Work instruction:
Repeat each record below exactly, dropping the pictures.

[Free-text object descriptions]
####

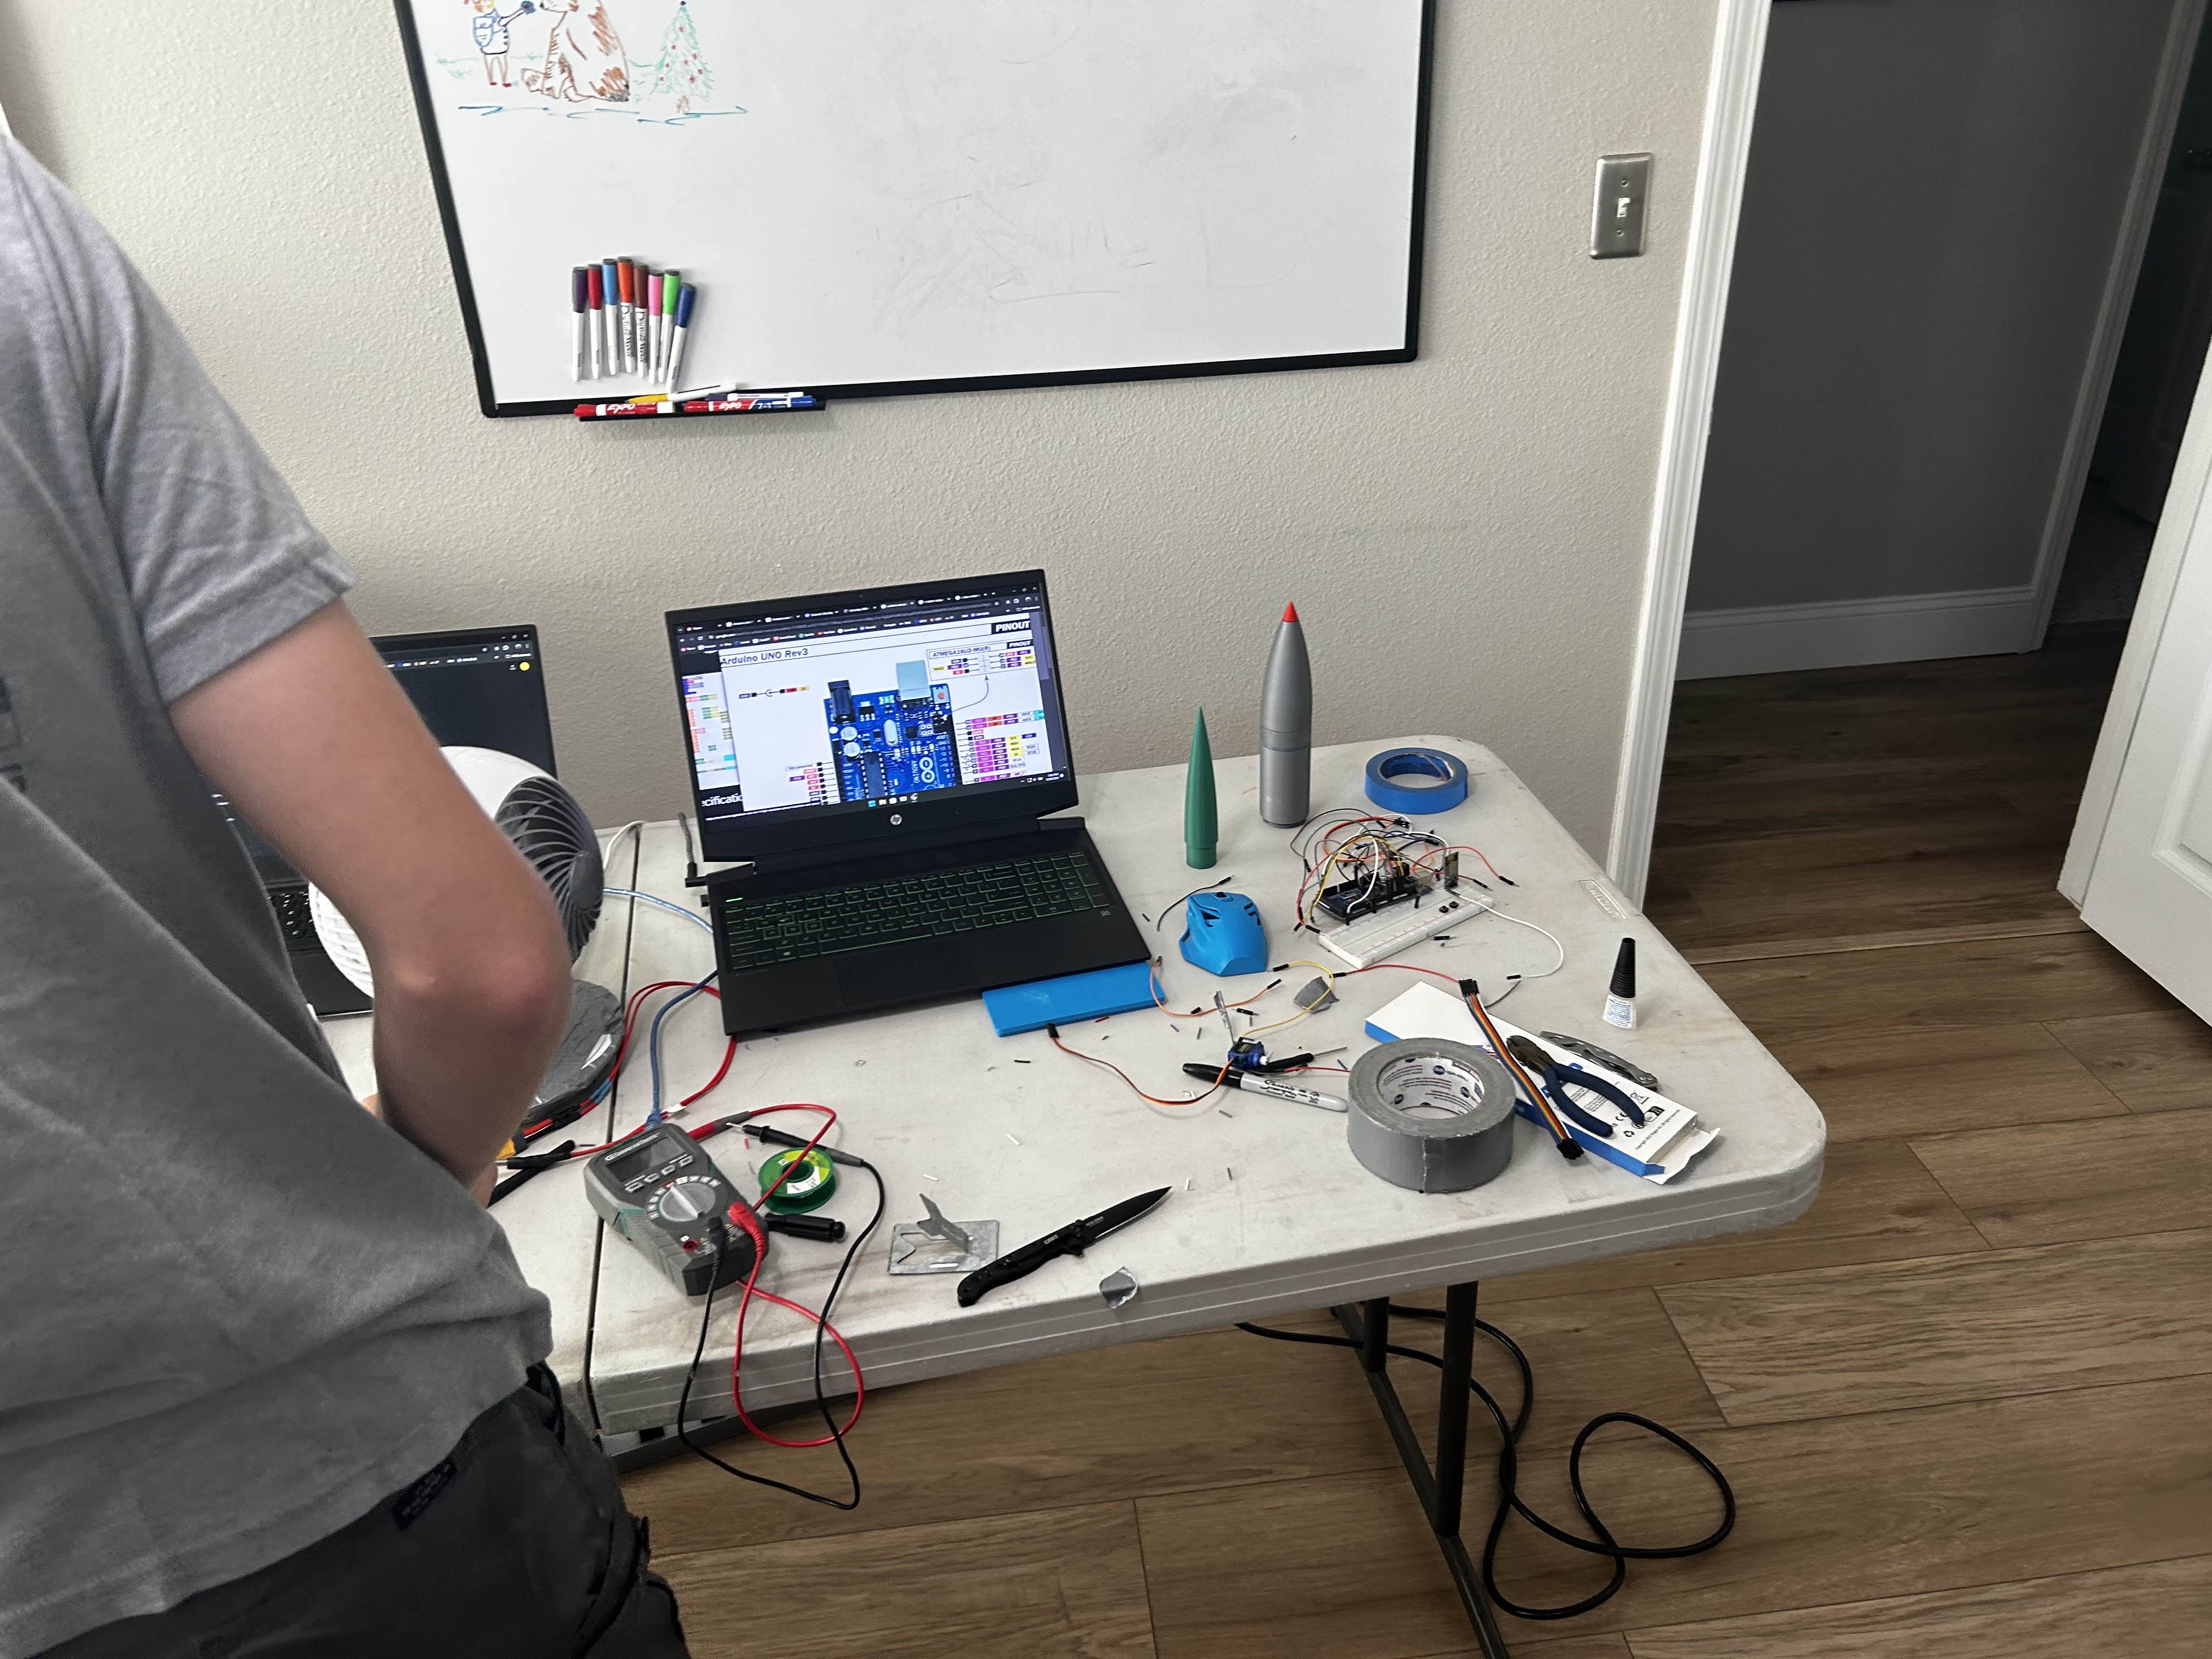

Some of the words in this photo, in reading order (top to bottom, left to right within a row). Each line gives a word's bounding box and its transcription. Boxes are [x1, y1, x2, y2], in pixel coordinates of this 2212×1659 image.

[607, 403, 636, 414] EXPO
[995, 620, 1031, 633] PINOUT
[721, 654, 758, 665] Arduino
[761, 651, 782, 661] UNO
[785, 648, 809, 657] Rev3

####

Written solution:
Some of the words in this photo, in reading order (top to bottom, left to right within a row). Each line gives a word's bounding box and its transcription. Boxes are [x1, y1, x2, y2], in pixel coordinates of this 2212×1659 image.

[607, 403, 636, 414] EXPO
[995, 620, 1031, 633] PINOUT
[721, 654, 758, 665] Arduino
[761, 651, 782, 661] UNO
[785, 648, 809, 657] Rev3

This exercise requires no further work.